International AGD Database; Determinants of AGD and Establishment of Normative Data

• Conditions: Decreased Anogenital Distance

• Registration Number: NCT02497209
• Lead Sponsor: Rigshospitalet, Denmark

Brief Summary

Aim: To collate data on Anogenital Distance (AGD) from several population studies to build an international database for Anogenital Distance (AGD) Primary objective: To build a database platform to promote and facilitate international collaboration on research related to AGD, endocrine disruptors and reproductive health.

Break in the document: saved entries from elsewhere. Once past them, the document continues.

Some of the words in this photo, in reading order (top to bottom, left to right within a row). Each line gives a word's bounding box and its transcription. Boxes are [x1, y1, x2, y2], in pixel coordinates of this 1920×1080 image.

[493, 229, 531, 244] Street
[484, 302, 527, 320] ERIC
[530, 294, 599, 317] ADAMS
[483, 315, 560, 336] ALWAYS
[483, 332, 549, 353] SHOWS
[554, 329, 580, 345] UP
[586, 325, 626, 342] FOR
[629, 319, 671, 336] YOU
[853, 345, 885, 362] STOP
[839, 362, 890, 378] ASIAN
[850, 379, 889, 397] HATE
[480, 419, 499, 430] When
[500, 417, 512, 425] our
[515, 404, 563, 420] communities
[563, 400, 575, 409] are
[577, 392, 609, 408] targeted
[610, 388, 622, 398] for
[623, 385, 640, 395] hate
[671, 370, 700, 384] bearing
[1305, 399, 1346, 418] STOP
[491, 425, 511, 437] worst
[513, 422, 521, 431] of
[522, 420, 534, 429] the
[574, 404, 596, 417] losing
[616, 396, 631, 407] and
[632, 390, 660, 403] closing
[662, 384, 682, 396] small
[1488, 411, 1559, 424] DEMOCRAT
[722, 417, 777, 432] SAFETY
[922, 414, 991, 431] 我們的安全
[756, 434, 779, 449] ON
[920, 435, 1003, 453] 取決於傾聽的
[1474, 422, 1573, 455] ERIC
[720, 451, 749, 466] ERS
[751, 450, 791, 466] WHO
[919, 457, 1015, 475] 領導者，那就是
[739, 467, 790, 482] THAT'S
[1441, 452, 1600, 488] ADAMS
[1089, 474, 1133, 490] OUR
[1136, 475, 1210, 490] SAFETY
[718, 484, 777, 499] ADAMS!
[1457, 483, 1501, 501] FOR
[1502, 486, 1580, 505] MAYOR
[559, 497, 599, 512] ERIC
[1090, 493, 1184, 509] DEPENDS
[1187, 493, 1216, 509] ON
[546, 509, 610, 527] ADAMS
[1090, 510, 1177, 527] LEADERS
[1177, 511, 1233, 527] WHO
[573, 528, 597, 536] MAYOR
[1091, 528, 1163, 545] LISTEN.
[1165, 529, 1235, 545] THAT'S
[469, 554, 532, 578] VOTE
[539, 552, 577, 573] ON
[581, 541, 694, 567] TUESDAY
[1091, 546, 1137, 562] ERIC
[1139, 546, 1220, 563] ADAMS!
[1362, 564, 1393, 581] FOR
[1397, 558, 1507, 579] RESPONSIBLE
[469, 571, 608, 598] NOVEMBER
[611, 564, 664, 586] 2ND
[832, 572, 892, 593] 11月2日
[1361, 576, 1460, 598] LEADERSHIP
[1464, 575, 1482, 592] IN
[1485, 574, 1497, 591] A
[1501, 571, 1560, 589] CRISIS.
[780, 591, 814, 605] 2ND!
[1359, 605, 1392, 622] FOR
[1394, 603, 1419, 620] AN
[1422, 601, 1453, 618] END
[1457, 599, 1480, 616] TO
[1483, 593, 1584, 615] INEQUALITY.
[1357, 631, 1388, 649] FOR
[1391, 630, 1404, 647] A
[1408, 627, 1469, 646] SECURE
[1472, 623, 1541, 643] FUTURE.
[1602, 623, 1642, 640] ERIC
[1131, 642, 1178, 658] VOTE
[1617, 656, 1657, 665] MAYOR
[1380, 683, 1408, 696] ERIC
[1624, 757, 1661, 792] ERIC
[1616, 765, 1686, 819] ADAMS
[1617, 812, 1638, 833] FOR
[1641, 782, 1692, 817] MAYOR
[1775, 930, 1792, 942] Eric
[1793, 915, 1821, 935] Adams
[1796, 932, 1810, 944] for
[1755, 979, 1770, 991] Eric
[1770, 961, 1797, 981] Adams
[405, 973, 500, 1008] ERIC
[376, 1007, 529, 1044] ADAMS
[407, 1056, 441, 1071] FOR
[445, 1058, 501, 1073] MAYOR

Study Design Observational study Outcome Measures Outcomes from varying projects based on the database

Summary of eligibility criteria Population studies with subjects in whom data on AGD is available

Procedures:

An international AGD database will be set-up with an appropriate dataset for the research projects. This will be based on anonymised data from multiple population studies. In order to facilitate and provide a governance structure for the study, an international AGD consortium will be established.

Detailed Description

Introduction Increasing incidence of cryptorchidism, hypospadias, and testicular cancer has paralleled the concomitant decline in male fertility in several countries(1). Exposures of environmental agents, which act as endocrine disruptors resulting in abnormalities in the development and function of fetal tests, have been hypothesised to underlie these trends. However, these outcomes are relatively rare, and in some cases occur a long period after exposure. Development of a sensitive biomarker of fetal androgen action during infancy is critical to evaluate the effects of potential endocrine disrupting environmental agents on the reproductive system.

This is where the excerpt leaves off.